*** Extracted records Section Begins ***
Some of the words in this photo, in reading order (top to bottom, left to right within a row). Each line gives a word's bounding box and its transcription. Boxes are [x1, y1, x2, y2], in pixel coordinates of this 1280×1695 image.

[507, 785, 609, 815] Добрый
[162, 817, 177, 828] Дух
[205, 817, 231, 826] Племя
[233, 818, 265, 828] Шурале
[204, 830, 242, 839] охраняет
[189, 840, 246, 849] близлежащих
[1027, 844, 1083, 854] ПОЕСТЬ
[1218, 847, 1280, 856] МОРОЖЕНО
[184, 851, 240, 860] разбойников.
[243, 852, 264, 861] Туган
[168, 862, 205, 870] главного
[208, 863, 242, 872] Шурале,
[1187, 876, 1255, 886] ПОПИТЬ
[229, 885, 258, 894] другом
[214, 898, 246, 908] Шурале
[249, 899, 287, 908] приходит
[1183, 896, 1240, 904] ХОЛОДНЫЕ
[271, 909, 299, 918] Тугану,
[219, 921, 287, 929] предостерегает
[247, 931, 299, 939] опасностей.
*** Extracted records Section Ends ***
#### What the task asks
Restate the data above word for word. Leave nothing out.

#### Solved problem
Some of the words in this photo, in reading order (top to bottom, left to right within a row). Each line gives a word's bounding box and its transcription. Boxes are [x1, y1, x2, y2], in pixel coordinates of this 1280×1695 image.

[507, 785, 609, 815] Добрый
[162, 817, 177, 828] Дух
[205, 817, 231, 826] Племя
[233, 818, 265, 828] Шурале
[204, 830, 242, 839] охраняет
[189, 840, 246, 849] близлежащих
[1027, 844, 1083, 854] ПОЕСТЬ
[1218, 847, 1280, 856] МОРОЖЕНО
[184, 851, 240, 860] разбойников.
[243, 852, 264, 861] Туган
[168, 862, 205, 870] главного
[208, 863, 242, 872] Шурале,
[1187, 876, 1255, 886] ПОПИТЬ
[229, 885, 258, 894] другом
[214, 898, 246, 908] Шурале
[249, 899, 287, 908] приходит
[1183, 896, 1240, 904] ХОЛОДНЫЕ
[271, 909, 299, 918] Тугану,
[219, 921, 287, 929] предостерегает
[247, 931, 299, 939] опасностей.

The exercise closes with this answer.